Piston damage due to abnormal combustion
Abnormal combustion in petrol engines
The combustion of the air-fuel mixture in the cylinder follows a precisely defined process. It is started by the spark from the spark plug shortly before top dead centre (TDC). The flame spreads from the spark plug with a circular flame front and crosses the combustion chamber at a steadily increasing combustion speed of 5–30 m/s. The pressure in the combustion chamber rises steeply as a result and reaches its maximum value shortly after TDC. However, this normal combustion process can be disturbed by various factors, which can essentially be reduced to three different cases of combustion faults:
1. Glow ignition (pre-ignition):
Causes thermal overstressing of the piston.
2. Knocking combustion:
Causes erosion of material and mechanical overload on the piston and the crankshaft drive.
3. Fuel flooding:
Causes wear in conjunction with oil consumption as well as piston seizures.

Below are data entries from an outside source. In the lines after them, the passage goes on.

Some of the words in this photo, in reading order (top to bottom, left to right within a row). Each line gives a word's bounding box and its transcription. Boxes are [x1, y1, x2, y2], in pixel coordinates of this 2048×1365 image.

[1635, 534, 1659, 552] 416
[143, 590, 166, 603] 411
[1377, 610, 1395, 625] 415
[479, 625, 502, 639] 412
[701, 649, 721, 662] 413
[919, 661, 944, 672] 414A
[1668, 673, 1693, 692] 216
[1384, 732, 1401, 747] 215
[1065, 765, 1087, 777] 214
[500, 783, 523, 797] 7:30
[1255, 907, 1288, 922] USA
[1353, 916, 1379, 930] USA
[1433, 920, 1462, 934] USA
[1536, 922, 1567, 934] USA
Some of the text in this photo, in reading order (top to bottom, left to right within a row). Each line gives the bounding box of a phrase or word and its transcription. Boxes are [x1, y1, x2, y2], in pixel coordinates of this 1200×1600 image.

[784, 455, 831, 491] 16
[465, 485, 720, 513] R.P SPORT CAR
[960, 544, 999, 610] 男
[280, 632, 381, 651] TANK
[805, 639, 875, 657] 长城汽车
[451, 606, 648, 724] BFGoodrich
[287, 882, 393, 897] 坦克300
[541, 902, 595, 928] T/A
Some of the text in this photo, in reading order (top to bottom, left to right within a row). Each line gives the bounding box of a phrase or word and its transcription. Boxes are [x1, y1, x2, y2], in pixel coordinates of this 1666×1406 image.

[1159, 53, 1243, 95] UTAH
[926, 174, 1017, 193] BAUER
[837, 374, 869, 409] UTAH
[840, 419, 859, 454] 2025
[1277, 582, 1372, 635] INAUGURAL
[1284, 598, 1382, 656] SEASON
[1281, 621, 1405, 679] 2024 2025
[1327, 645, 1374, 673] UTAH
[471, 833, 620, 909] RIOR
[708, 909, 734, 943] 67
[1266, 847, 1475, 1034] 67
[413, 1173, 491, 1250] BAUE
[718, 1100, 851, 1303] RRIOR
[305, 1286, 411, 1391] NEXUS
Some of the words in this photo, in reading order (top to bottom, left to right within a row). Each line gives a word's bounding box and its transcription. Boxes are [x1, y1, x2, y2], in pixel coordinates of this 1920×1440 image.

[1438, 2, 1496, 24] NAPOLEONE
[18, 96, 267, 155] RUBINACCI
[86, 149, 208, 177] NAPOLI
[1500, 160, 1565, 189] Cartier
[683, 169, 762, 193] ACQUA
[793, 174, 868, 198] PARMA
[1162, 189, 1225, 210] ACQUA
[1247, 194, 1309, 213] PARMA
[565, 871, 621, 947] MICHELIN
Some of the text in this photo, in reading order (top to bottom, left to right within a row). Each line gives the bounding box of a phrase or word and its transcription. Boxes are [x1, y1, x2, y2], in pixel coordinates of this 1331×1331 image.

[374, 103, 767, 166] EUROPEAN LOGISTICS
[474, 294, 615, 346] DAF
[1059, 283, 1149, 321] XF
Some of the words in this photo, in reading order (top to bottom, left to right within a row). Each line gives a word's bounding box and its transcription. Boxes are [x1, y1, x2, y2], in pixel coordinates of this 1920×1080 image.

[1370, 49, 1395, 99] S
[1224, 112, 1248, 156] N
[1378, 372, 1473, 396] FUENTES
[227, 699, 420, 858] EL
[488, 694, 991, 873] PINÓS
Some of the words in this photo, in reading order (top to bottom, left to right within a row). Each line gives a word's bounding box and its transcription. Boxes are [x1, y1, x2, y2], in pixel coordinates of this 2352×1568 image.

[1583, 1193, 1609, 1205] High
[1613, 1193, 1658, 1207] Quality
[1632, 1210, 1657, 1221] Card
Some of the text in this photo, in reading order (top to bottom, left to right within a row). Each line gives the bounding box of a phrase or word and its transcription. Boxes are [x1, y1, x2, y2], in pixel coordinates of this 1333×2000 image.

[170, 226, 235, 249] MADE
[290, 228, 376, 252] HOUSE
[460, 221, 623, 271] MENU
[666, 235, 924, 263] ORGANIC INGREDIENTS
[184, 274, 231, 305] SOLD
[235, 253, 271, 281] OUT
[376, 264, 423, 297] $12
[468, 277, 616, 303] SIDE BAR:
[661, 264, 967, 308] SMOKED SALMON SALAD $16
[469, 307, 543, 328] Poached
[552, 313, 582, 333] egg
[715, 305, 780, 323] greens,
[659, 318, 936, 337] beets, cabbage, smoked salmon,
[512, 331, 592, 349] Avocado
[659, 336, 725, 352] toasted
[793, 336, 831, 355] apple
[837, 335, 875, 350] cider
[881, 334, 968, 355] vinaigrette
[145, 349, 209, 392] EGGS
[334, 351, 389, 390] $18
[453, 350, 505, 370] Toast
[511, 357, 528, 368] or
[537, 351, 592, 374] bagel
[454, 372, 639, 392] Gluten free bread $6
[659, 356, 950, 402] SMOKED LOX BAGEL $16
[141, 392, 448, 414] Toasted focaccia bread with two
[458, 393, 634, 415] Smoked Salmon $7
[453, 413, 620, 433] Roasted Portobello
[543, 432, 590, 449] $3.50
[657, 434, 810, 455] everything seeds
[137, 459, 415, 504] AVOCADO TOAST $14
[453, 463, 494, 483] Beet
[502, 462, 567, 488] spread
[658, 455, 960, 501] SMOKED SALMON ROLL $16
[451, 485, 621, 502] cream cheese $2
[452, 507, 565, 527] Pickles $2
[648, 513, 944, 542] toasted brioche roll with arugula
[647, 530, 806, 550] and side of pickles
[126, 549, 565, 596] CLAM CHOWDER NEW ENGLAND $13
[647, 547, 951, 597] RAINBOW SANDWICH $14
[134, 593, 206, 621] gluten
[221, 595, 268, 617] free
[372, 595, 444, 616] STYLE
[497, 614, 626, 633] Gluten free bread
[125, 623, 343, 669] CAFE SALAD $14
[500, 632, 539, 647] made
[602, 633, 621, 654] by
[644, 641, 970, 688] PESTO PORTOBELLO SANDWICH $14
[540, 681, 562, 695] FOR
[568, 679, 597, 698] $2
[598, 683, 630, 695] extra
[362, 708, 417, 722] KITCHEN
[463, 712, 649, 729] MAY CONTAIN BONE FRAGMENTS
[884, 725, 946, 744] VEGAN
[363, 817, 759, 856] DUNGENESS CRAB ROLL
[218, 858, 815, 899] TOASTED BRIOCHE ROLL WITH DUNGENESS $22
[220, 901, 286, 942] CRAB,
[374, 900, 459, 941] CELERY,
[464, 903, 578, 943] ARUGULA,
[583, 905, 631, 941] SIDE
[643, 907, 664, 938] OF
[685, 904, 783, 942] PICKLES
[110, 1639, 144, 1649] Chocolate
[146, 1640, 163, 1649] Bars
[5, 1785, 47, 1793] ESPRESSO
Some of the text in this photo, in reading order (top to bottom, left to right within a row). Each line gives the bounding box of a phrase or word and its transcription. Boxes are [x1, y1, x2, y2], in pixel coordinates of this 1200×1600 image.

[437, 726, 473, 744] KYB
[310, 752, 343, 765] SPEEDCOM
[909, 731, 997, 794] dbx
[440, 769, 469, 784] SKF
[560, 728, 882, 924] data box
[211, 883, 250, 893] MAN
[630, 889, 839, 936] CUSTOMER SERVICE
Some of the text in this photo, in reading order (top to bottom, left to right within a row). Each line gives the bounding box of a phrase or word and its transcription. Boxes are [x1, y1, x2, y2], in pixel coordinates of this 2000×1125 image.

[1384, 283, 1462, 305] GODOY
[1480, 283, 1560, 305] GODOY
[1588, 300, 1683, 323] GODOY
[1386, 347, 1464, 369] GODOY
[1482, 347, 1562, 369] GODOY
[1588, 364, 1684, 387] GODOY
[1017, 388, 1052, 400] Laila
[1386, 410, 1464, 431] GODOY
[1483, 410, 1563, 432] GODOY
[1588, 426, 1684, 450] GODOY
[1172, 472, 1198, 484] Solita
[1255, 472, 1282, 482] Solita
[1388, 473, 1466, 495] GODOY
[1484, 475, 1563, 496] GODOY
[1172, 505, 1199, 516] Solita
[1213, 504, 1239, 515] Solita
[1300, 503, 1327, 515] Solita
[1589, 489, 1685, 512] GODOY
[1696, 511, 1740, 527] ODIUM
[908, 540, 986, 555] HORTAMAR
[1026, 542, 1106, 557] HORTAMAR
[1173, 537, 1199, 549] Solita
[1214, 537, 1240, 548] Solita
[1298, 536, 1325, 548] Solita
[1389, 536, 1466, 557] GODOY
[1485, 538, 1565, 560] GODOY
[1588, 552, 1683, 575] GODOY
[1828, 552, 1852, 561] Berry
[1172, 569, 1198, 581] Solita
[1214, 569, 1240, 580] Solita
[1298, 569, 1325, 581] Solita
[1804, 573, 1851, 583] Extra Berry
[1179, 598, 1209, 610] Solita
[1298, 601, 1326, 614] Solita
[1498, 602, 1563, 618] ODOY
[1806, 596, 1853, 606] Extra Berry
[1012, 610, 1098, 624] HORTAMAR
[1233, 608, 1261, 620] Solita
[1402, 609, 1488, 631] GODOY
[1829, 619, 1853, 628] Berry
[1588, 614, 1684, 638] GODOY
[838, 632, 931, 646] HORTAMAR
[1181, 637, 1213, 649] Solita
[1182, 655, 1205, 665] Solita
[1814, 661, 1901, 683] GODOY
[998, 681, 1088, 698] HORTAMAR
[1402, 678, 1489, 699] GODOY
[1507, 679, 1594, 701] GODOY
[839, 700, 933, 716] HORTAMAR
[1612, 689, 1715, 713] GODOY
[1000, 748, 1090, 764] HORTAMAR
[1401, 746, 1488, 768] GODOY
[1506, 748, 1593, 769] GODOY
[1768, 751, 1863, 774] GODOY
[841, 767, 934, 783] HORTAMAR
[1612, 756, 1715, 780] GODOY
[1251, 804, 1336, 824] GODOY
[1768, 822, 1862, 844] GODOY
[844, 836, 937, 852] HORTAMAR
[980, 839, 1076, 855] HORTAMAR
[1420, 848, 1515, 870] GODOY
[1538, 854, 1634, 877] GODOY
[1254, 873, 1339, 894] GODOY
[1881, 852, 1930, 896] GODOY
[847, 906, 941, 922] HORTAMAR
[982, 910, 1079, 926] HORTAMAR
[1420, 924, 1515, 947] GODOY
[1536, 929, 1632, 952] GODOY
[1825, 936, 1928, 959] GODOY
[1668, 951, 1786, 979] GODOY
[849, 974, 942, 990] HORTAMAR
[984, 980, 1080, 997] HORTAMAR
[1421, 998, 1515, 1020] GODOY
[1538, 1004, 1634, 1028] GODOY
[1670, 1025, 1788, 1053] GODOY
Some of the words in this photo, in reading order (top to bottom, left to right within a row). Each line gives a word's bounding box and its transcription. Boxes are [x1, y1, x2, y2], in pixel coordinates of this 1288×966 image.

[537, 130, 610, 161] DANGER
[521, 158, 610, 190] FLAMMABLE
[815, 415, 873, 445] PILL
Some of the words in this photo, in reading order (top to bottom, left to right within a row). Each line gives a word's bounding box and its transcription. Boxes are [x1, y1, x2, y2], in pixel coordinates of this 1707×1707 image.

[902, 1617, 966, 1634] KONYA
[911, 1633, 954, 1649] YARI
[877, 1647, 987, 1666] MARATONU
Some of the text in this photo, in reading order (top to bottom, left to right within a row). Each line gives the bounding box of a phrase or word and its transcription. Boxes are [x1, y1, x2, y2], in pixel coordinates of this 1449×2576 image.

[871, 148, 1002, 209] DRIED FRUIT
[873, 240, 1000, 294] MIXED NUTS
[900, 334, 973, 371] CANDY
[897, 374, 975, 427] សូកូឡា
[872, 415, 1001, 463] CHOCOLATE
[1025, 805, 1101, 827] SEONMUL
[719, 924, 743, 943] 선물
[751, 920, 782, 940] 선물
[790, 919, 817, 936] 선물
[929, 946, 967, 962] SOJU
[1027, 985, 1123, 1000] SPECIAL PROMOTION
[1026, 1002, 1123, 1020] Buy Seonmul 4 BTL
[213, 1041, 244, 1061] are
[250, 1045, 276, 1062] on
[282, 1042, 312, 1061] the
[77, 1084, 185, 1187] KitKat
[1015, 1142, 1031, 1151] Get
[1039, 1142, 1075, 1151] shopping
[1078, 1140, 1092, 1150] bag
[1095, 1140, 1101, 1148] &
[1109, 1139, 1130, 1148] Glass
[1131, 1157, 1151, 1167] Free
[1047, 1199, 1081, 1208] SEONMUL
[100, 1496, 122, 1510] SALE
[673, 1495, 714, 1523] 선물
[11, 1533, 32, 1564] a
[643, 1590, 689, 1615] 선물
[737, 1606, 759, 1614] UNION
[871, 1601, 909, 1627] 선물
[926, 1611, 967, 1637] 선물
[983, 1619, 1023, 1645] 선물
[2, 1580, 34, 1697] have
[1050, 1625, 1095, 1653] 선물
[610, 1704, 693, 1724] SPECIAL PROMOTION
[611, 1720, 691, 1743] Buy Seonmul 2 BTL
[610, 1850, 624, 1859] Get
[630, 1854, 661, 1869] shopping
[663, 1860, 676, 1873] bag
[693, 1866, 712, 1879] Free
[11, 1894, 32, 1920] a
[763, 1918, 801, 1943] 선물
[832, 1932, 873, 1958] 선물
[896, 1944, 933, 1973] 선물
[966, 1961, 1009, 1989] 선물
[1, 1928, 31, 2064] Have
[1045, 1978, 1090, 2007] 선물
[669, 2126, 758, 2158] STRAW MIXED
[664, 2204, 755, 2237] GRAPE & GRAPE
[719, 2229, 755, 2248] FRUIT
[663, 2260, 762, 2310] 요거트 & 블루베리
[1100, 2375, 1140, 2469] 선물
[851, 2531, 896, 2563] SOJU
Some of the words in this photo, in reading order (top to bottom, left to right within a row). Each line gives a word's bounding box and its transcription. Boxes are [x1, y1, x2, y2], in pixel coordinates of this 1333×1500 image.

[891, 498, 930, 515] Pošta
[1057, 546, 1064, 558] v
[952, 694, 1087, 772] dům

1. Glow ignition (pre-ignition):
Causes thermal overstressing of the piston.
2. Knocking combustion:
Causes erosion of material and mechanical overload on the piston and the crankshaft drive.
3. Fuel flooding:
Causes wear in conjunction with oil consumption as well as piston seizures.
Normal combustion
Knocking combustion
Glow ignition
Additional information for 1. Glow ignition (pre-ignition):
In the case of glow ignition, a part that is glowing in the combustion chamber triggers combustion before the actual ignition point. Potential candidates are the hot exhaust valve, the spark plug, sealing parts and deposits on these parts as well as the surfaces enclosing the combustion chamber. The flame acts uncontrolled on the components, causing the temperature in the piston crown to increase sharply and reach the melting point temperature of the piston material after just a few seconds of uninterrupted glow ignition.
On engines with a predominantly hemispherical combustion chamber this causes holes in the piston crown, which usually occur on an extension of the spark plug axis.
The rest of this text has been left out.